_Activity:_
Write out the listing below exactly, and omit any images you find in it.

-------------------------

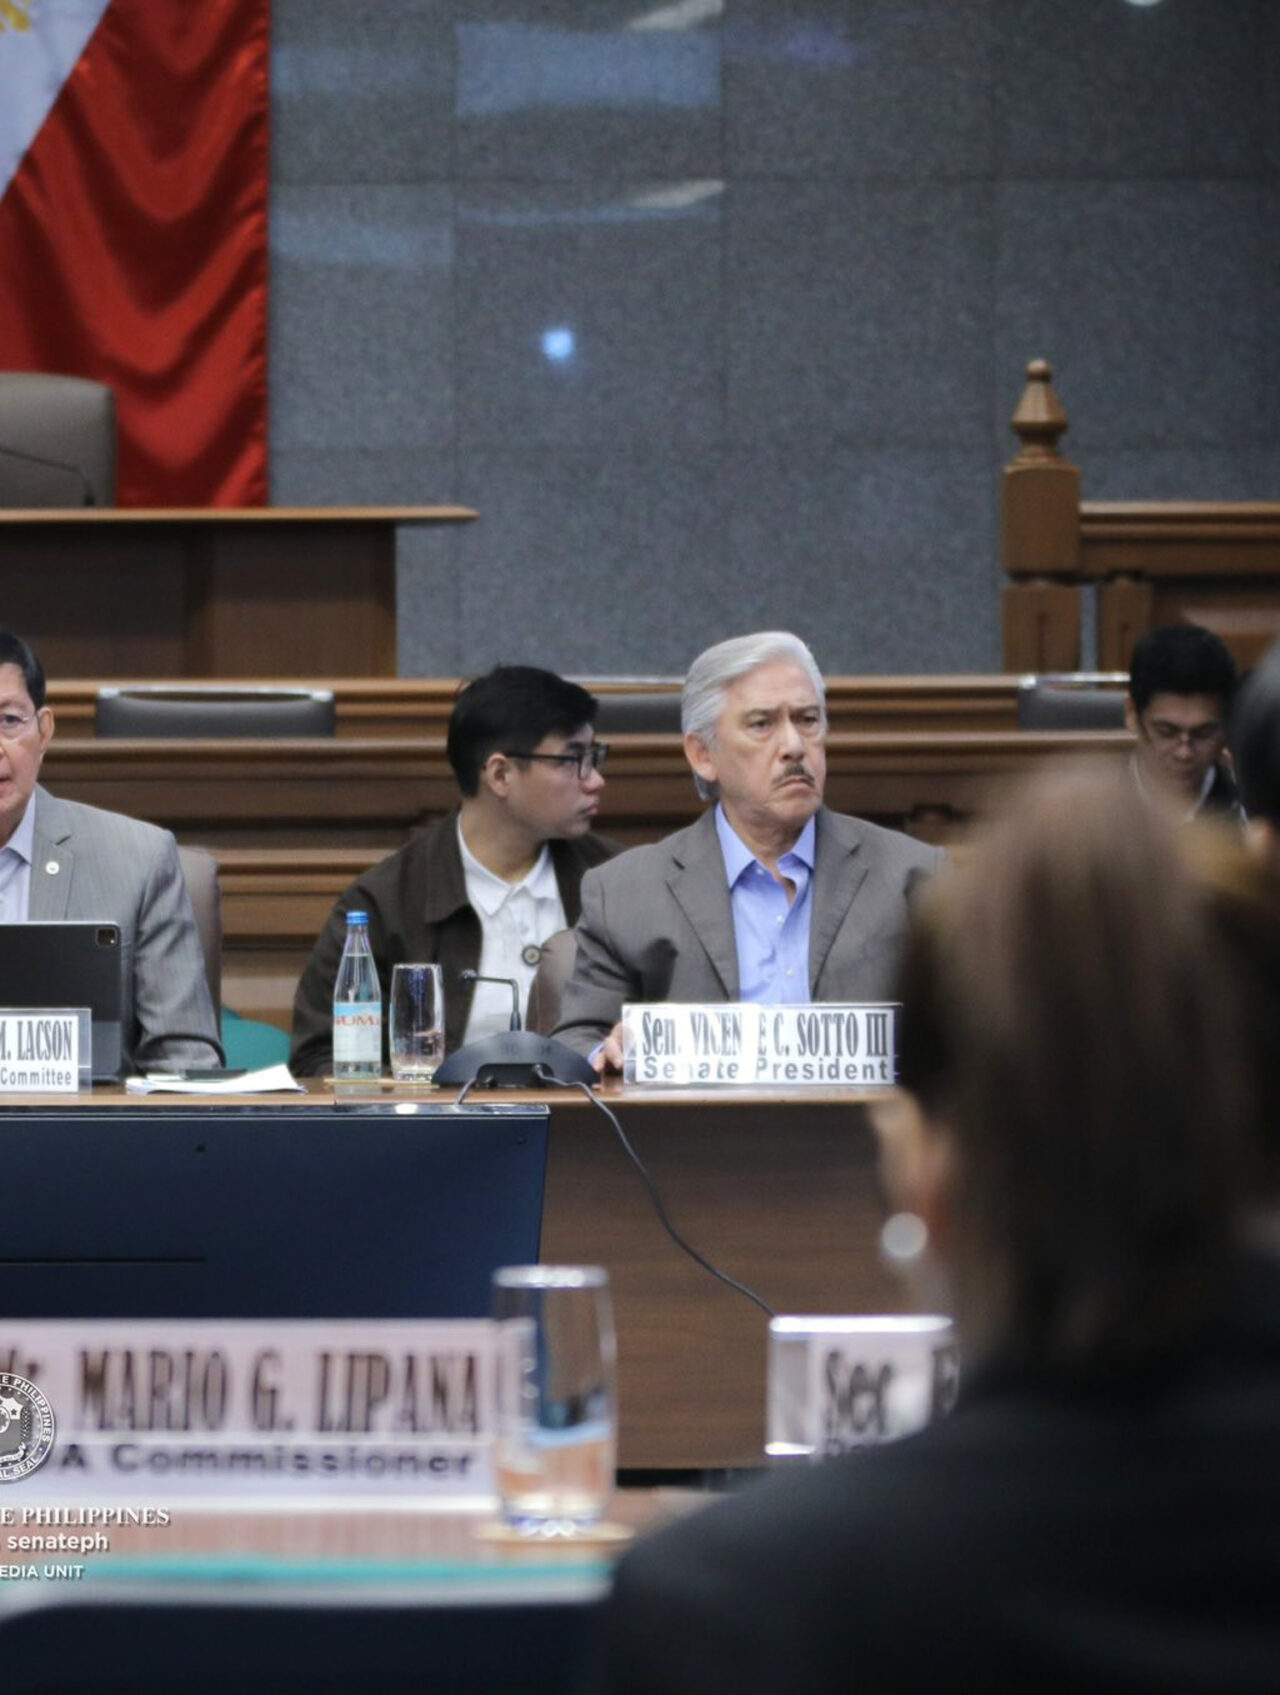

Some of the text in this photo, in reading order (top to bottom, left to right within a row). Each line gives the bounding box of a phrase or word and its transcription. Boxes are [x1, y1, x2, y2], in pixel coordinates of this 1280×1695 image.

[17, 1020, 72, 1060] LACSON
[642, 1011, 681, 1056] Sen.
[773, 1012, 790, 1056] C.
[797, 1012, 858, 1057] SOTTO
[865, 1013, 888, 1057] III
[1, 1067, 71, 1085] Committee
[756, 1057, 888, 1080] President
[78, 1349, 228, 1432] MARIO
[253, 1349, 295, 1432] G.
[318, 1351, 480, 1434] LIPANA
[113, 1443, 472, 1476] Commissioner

-------------------------

_Answer space:_
Some of the text in this photo, in reading order (top to bottom, left to right within a row). Each line gives the bounding box of a phrase or word and its transcription. Boxes are [x1, y1, x2, y2], in pixel coordinates of this 1280×1695 image.

[17, 1020, 72, 1060] LACSON
[642, 1011, 681, 1056] Sen.
[773, 1012, 790, 1056] C.
[797, 1012, 858, 1057] SOTTO
[865, 1013, 888, 1057] III
[1, 1067, 71, 1085] Committee
[756, 1057, 888, 1080] President
[78, 1349, 228, 1432] MARIO
[253, 1349, 295, 1432] G.
[318, 1351, 480, 1434] LIPANA
[113, 1443, 472, 1476] Commissioner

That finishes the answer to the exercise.